## WHAT THE EXERCISE ASKS
Give back every entry precisely as written, without any of the images.

## RECORDS SHOWN
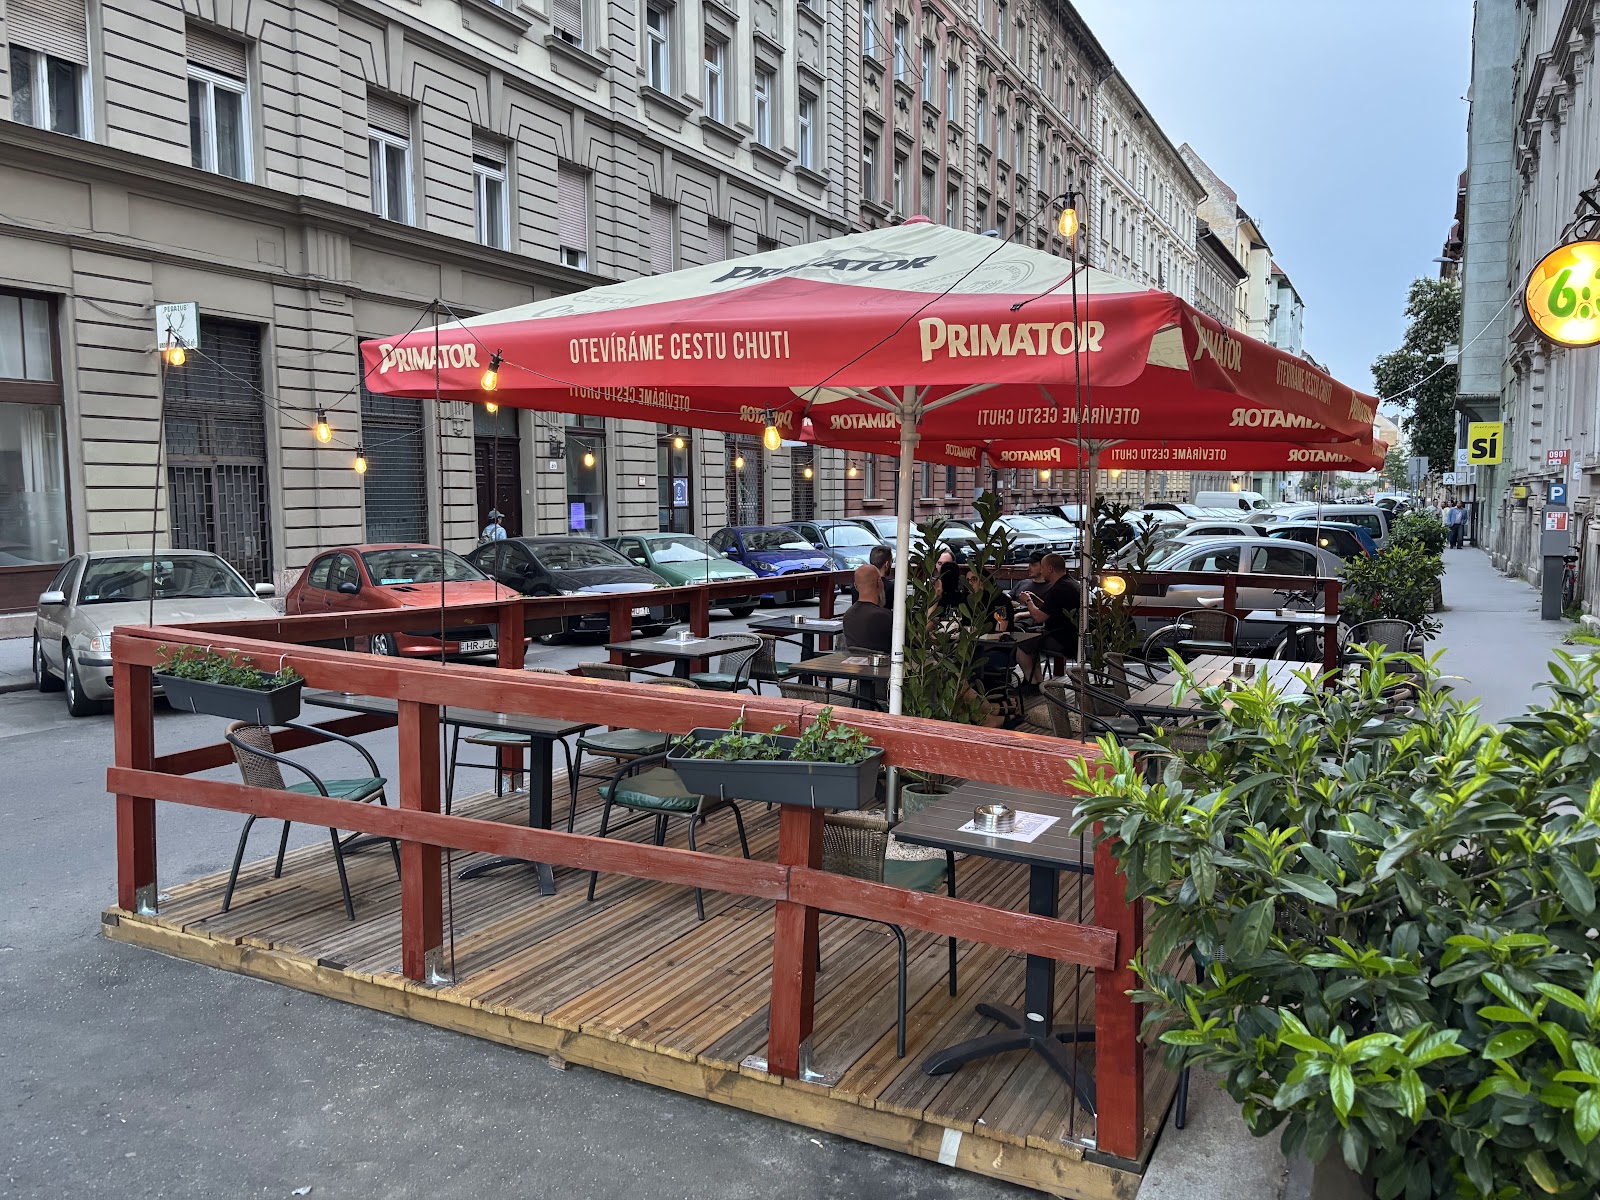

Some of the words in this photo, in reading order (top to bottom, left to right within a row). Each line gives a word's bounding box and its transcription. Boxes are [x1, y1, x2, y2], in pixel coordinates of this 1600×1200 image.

[569, 331, 665, 364] OTEVÍRÁME
[670, 331, 727, 360] CESTU
[732, 330, 791, 360] CHUTI
[918, 317, 1106, 362] PRIMATOR
[378, 343, 481, 375] PRIMATOR
[1549, 450, 1567, 459] 0901
[1550, 486, 1564, 501] P
[466, 638, 498, 651] HRJ-03
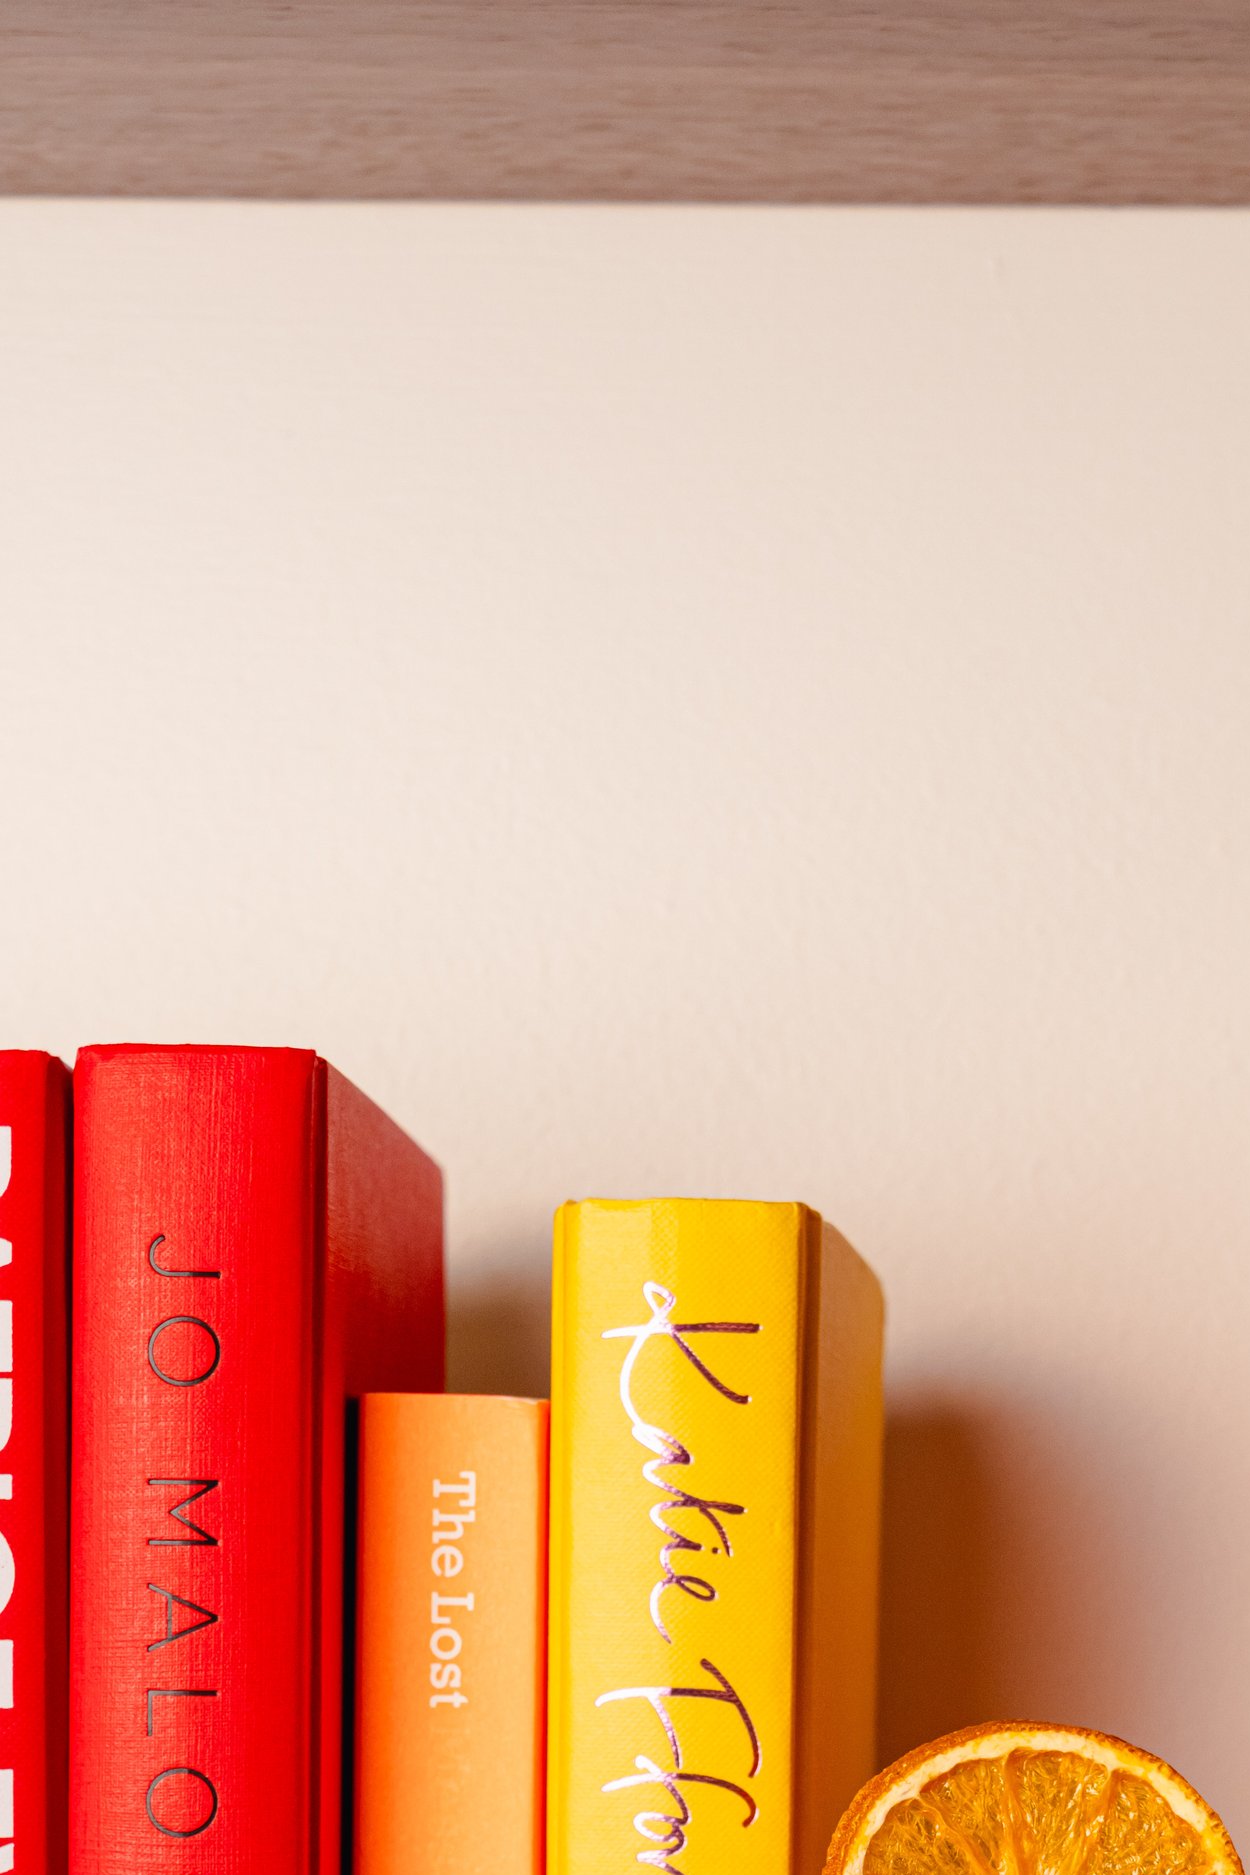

## SOLUTION TO THE PROBLEM
Some of the words in this photo, in reading order (top to bottom, left to right within a row). Each line gives a word's bounding box and its transcription. Boxes are [x1, y1, x2, y2], in pixel coordinates of this 1600×1200 image.

[569, 331, 665, 364] OTEVÍRÁME
[670, 331, 727, 360] CESTU
[732, 330, 791, 360] CHUTI
[918, 317, 1106, 362] PRIMATOR
[378, 343, 481, 375] PRIMATOR
[1549, 450, 1567, 459] 0901
[1550, 486, 1564, 501] P
[466, 638, 498, 651] HRJ-03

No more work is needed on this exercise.